<<<<
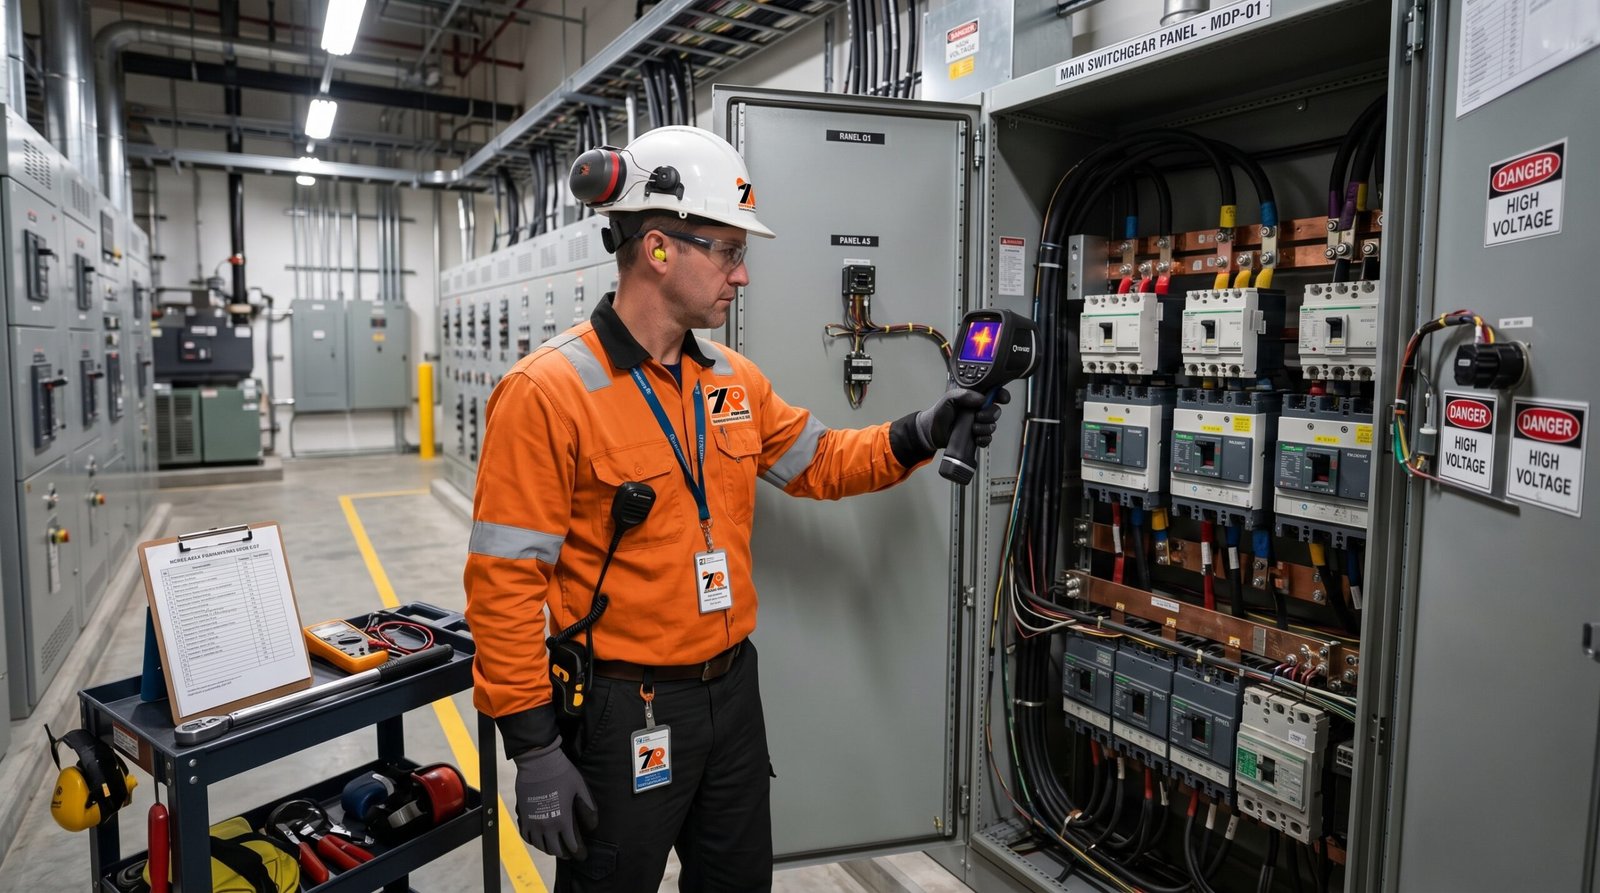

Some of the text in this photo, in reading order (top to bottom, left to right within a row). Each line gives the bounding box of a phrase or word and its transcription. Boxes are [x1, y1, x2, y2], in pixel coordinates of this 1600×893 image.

[1060, 62, 1085, 81] MAIN
[1088, 38, 1156, 71] SWITCHGEAR
[1160, 24, 1197, 48] PANEL
[1210, 1, 1261, 31] MDP-01
[1498, 156, 1552, 188] DANGER
[1507, 191, 1539, 215] HIGH
[1493, 208, 1553, 237] VOLTAGE
[839, 236, 861, 245] PANEL
[1449, 405, 1486, 424] DANGER
[1522, 414, 1573, 437] DANGER
[1454, 435, 1477, 453] HIGH
[1445, 452, 1486, 475] VOLTAGE
[1529, 449, 1560, 471] HIGH
[1516, 467, 1572, 496] VOLTAGE
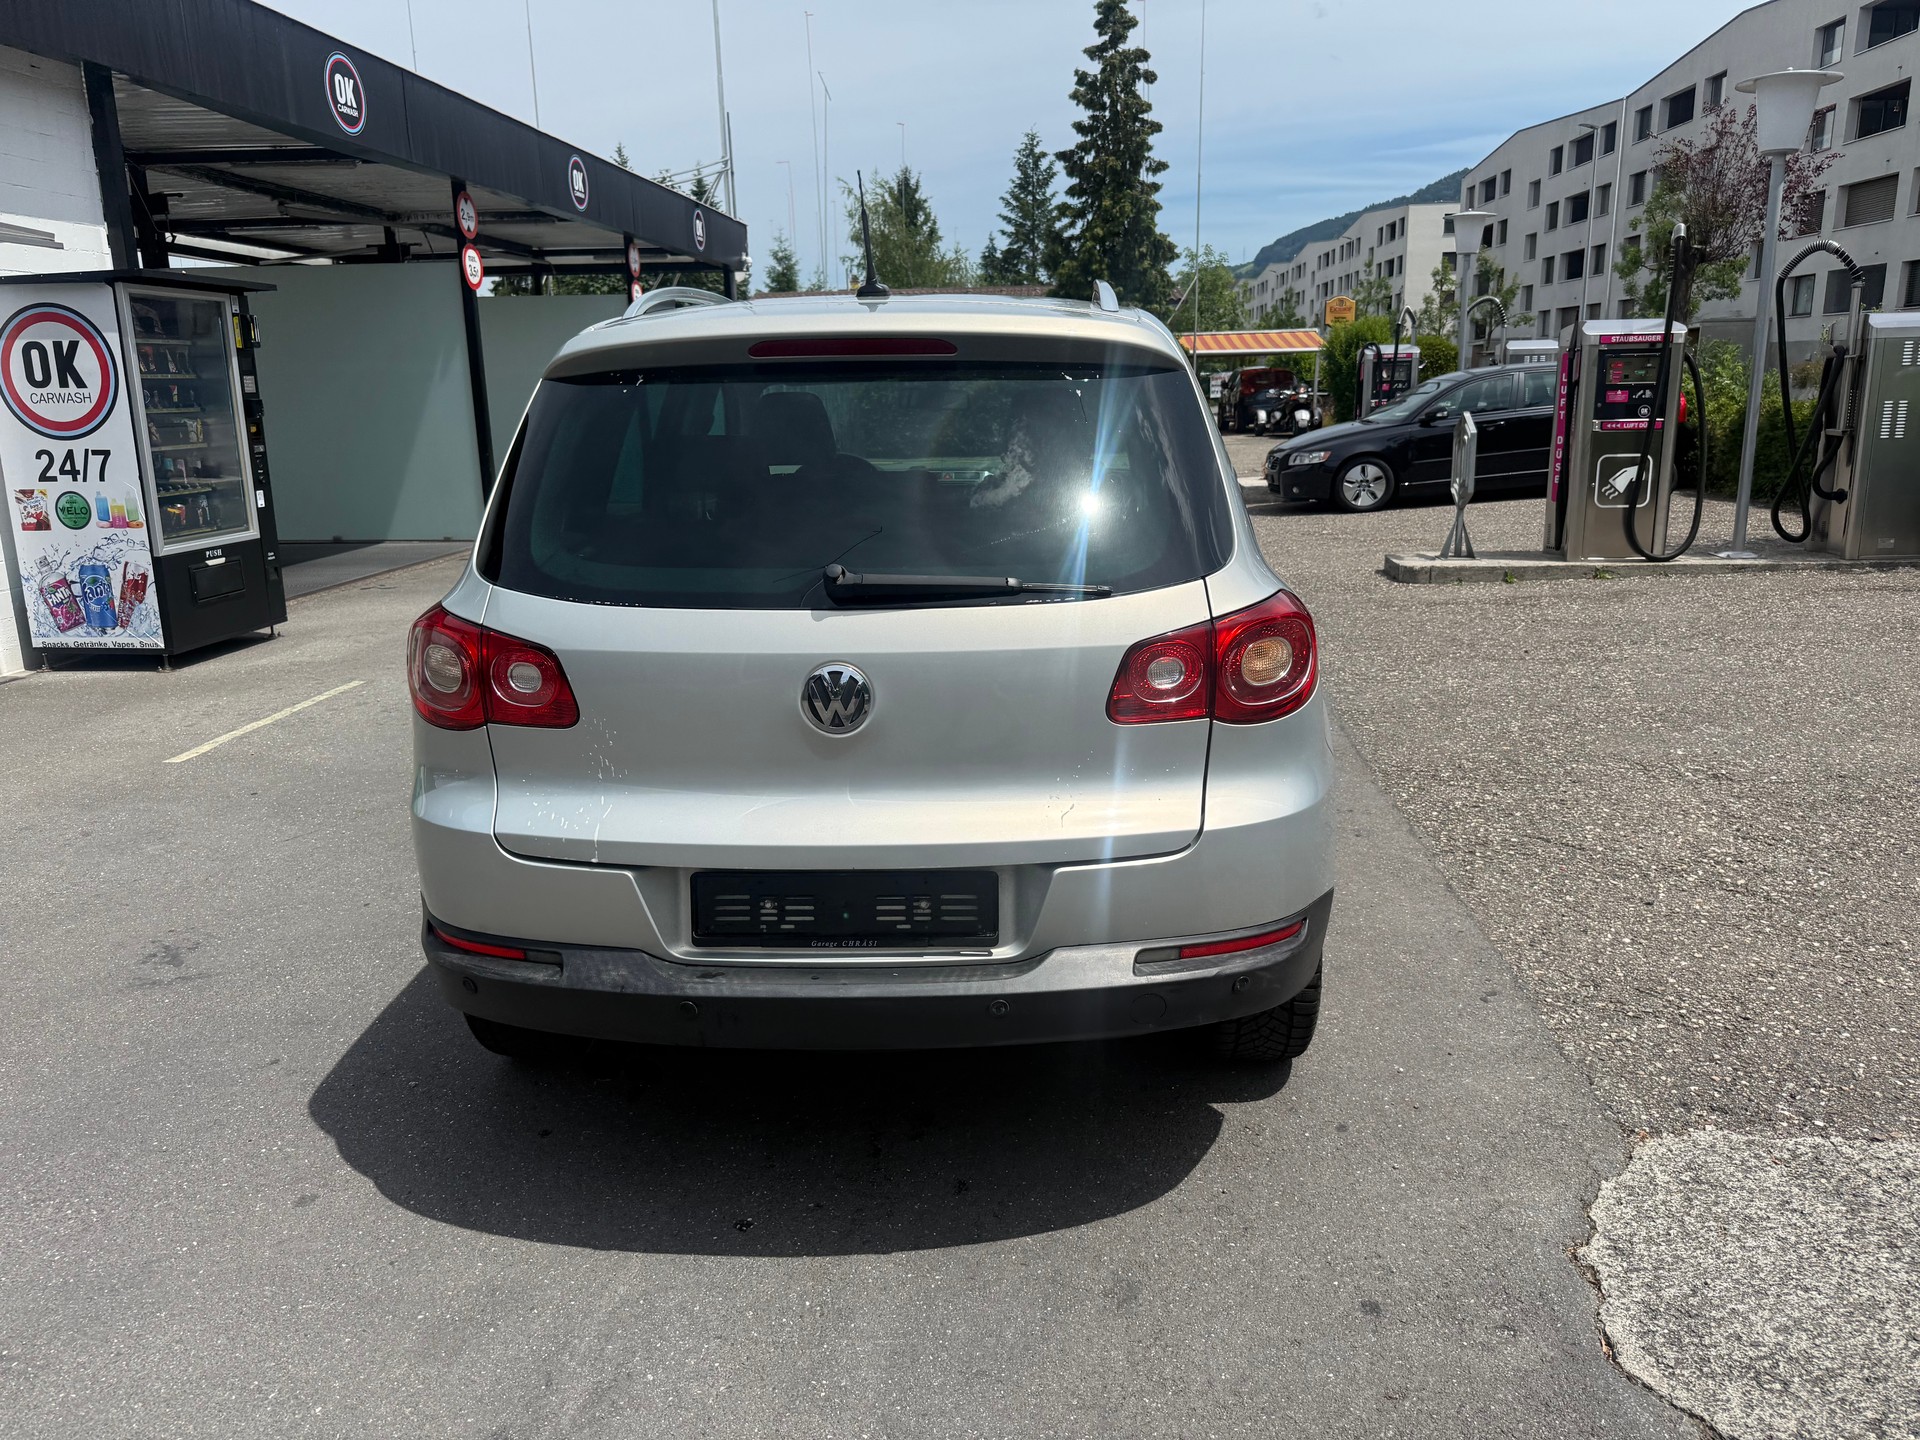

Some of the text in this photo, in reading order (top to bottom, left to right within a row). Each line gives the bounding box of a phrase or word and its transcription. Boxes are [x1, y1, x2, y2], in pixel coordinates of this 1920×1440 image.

[334, 73, 357, 108] OK
[337, 104, 358, 117] CARWASH
[573, 169, 584, 192] OK
[1611, 335, 1662, 343] STAUBSAUGER
[22, 340, 88, 389] OK
[30, 392, 92, 404] CARWASH
[1559, 373, 1567, 419] LUFT
[35, 448, 111, 482] 24/7
[58, 506, 89, 515] VELO
[205, 549, 222, 558] PUSH
[46, 588, 71, 606] FANTA
[42, 641, 71, 649] Snacks,
[73, 641, 110, 649] Getränke,
[111, 641, 138, 649] Vapes,
[811, 940, 838, 948] Garage
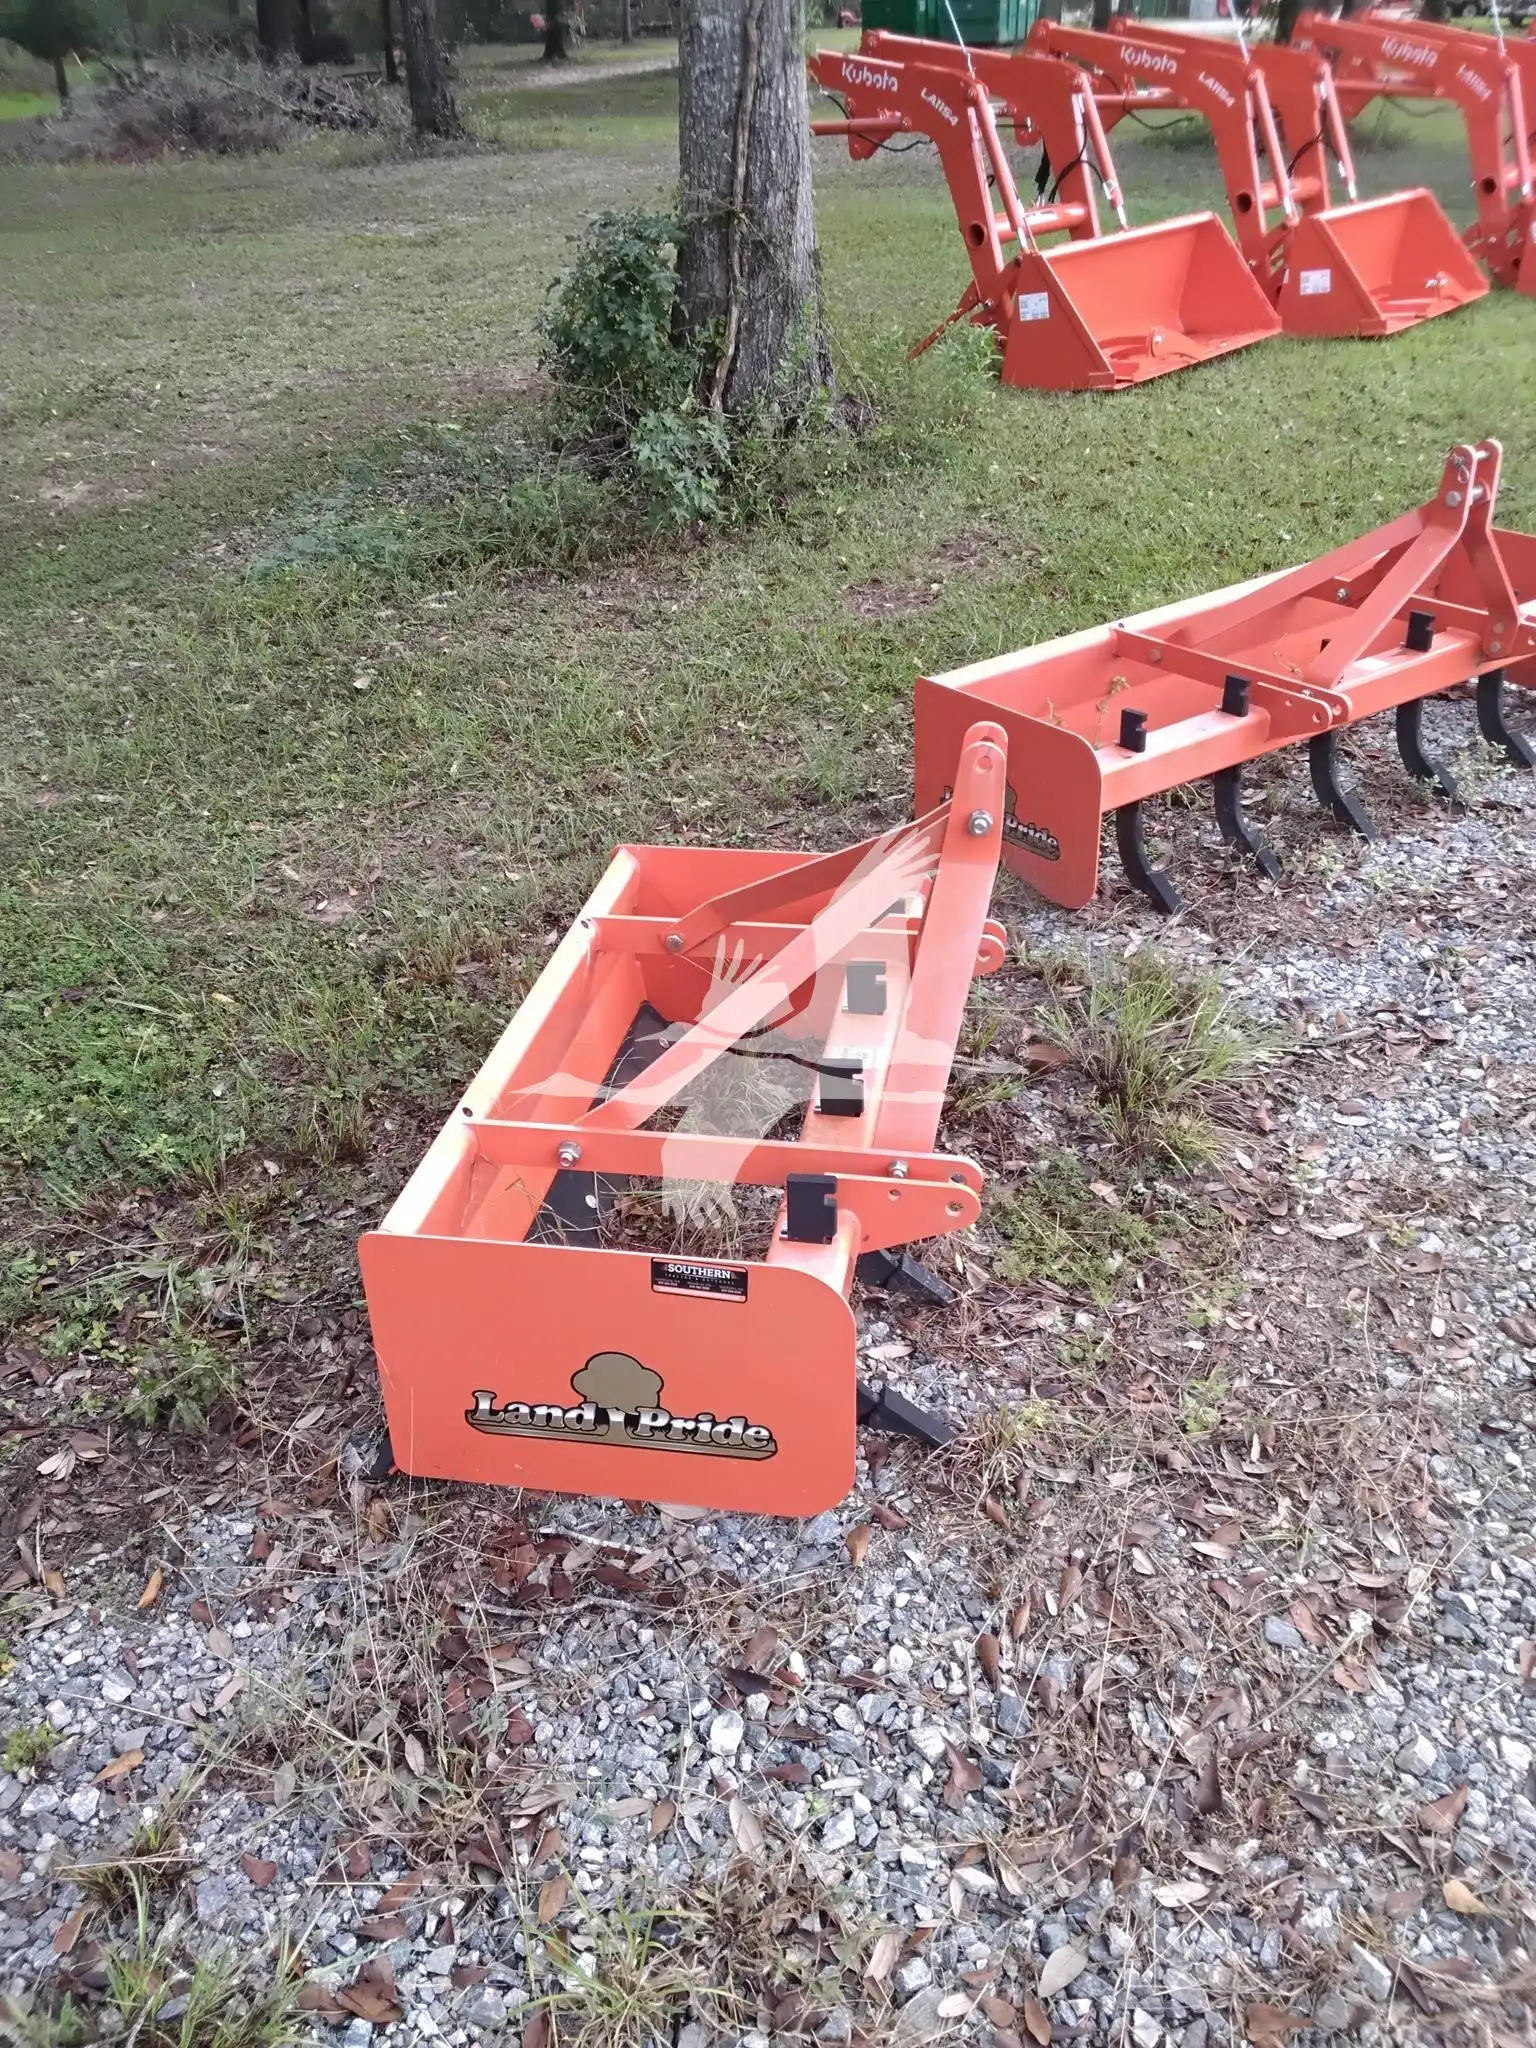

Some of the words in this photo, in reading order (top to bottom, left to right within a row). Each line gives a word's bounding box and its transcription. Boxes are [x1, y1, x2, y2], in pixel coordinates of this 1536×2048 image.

[1120, 45, 1178, 75] Kubota
[841, 61, 899, 93] Kubota
[920, 87, 959, 127] LA1154
[667, 1263, 731, 1280] SOUTHERN
[472, 1389, 599, 1432] Land
[634, 1406, 773, 1449] Pride
>>>>
_Action item_
All lines from the one containing "Some of the words" to the last line above should be reproduced exactly, and no other lines should be given.

_Your solution_
Some of the words in this photo, in reading order (top to bottom, left to right within a row). Each line gives a word's bounding box and its transcription. Boxes are [x1, y1, x2, y2], in pixel coordinates of this 1536×2048 image.

[1120, 45, 1178, 75] Kubota
[841, 61, 899, 93] Kubota
[920, 87, 959, 127] LA1154
[667, 1263, 731, 1280] SOUTHERN
[472, 1389, 599, 1432] Land
[634, 1406, 773, 1449] Pride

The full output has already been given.